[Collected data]
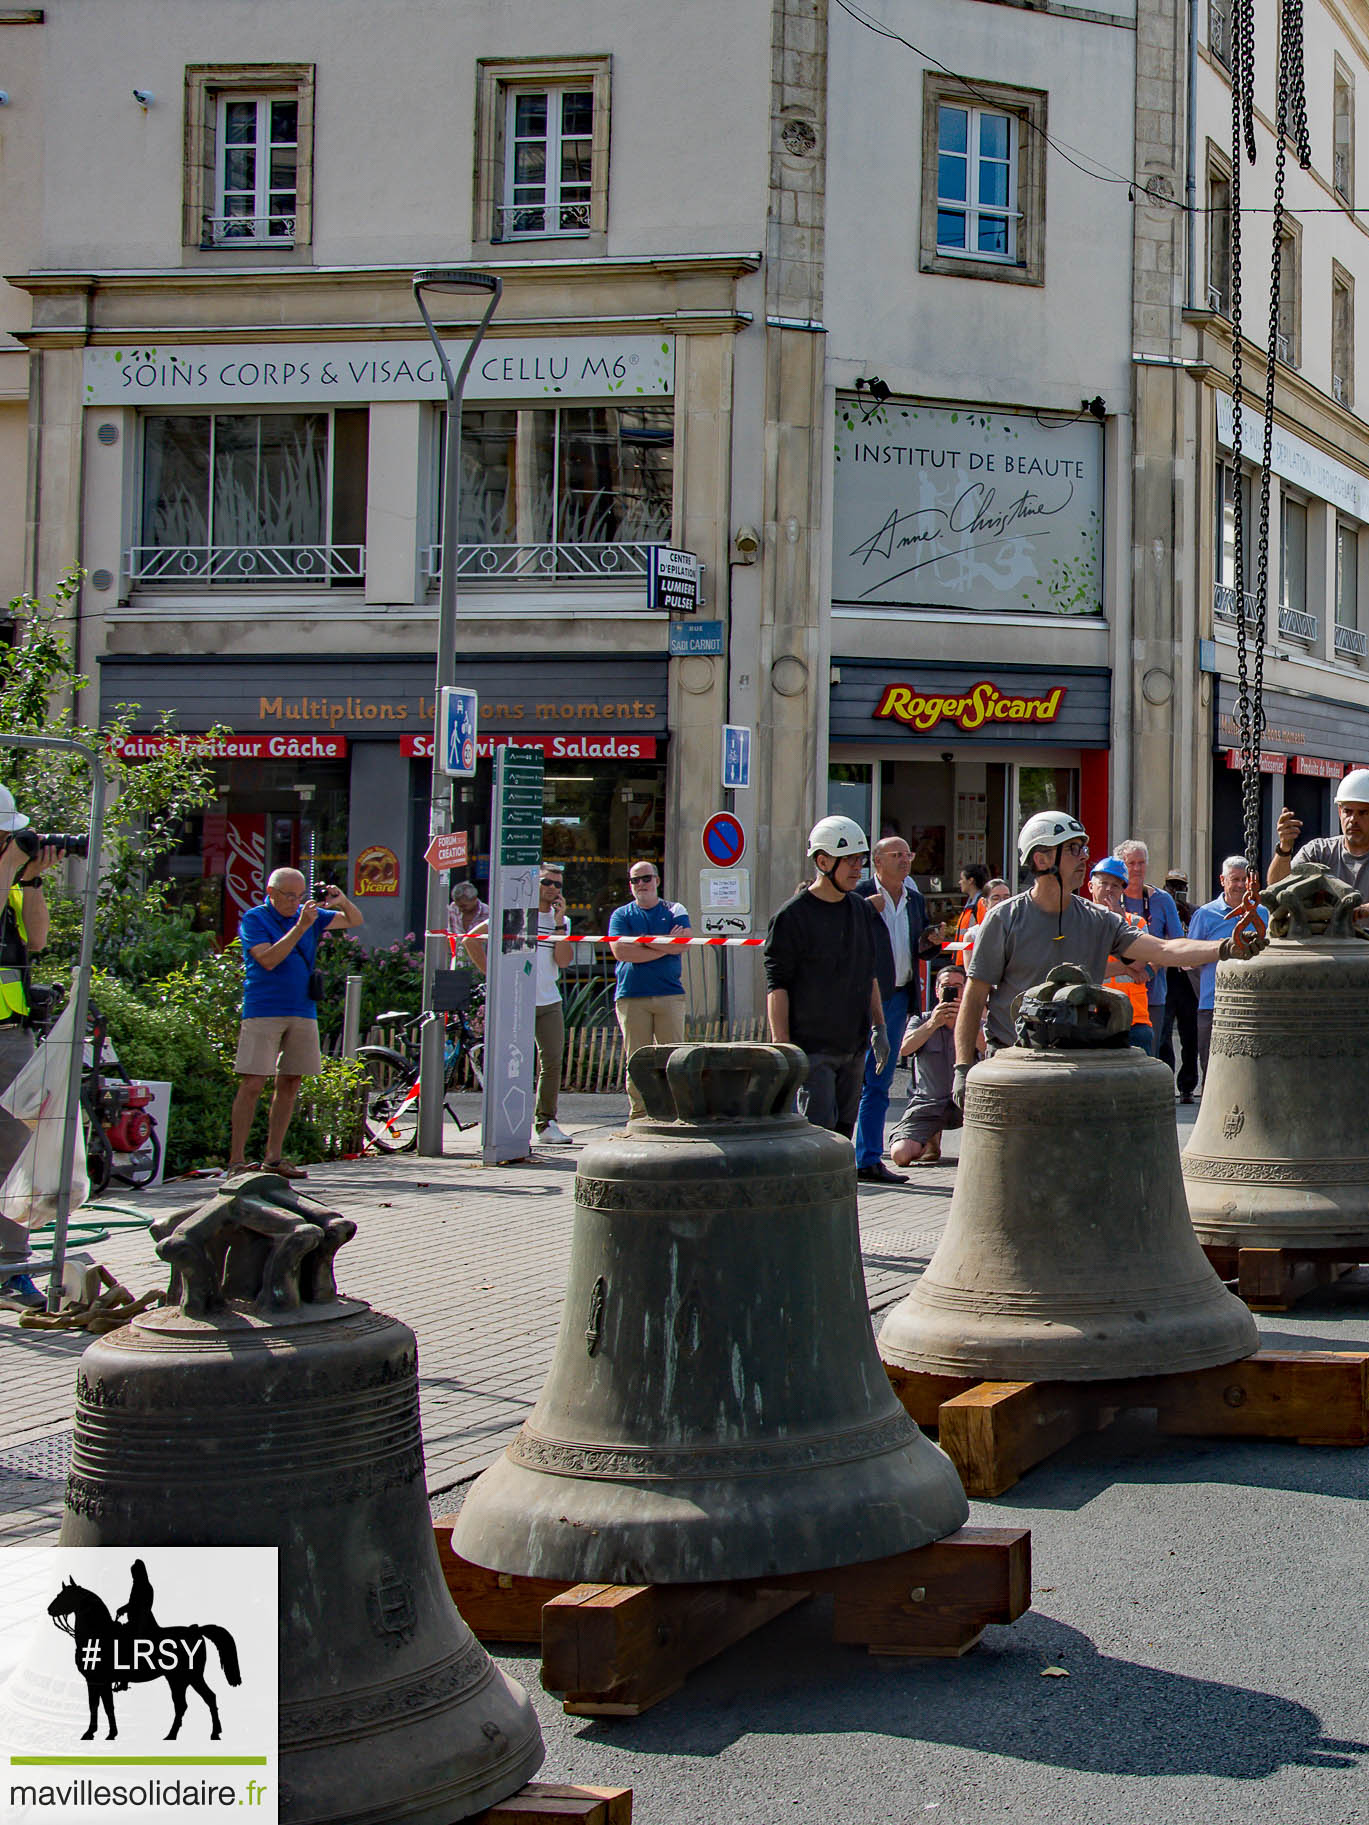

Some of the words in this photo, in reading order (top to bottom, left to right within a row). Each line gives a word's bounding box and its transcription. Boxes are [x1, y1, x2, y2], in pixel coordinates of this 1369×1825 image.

[122, 364, 208, 387] SOINS
[219, 362, 310, 386] CORPS
[321, 362, 338, 385] &
[481, 357, 568, 381] CELLU
[855, 444, 961, 469] INSTITUT
[969, 453, 995, 472] DE
[1005, 456, 1084, 479] BEAUTE
[669, 553, 692, 566] CENTRE
[661, 579, 695, 596] LUMIERE
[664, 594, 694, 610] PULSEE
[689, 639, 721, 650] CARNOT
[259, 697, 408, 729] Multiplions
[535, 700, 657, 719] moments
[268, 736, 337, 757] Gâche
[464, 743, 472, 759] 20
[552, 736, 641, 758] Salades
[438, 835, 457, 848] FORUM
[355, 878, 398, 896] Sicard

#### [WHAT TO PRODUCE]
A verbatim copy of every record is required, with all pictures excluded.

#### [ANSWER TO THIS PROBLEM]
Some of the words in this photo, in reading order (top to bottom, left to right within a row). Each line gives a word's bounding box and its transcription. Boxes are [x1, y1, x2, y2], in pixel coordinates of this 1369×1825 image.

[122, 364, 208, 387] SOINS
[219, 362, 310, 386] CORPS
[321, 362, 338, 385] &
[481, 357, 568, 381] CELLU
[855, 444, 961, 469] INSTITUT
[969, 453, 995, 472] DE
[1005, 456, 1084, 479] BEAUTE
[669, 553, 692, 566] CENTRE
[661, 579, 695, 596] LUMIERE
[664, 594, 694, 610] PULSEE
[689, 639, 721, 650] CARNOT
[259, 697, 408, 729] Multiplions
[535, 700, 657, 719] moments
[268, 736, 337, 757] Gâche
[464, 743, 472, 759] 20
[552, 736, 641, 758] Salades
[438, 835, 457, 848] FORUM
[355, 878, 398, 896] Sicard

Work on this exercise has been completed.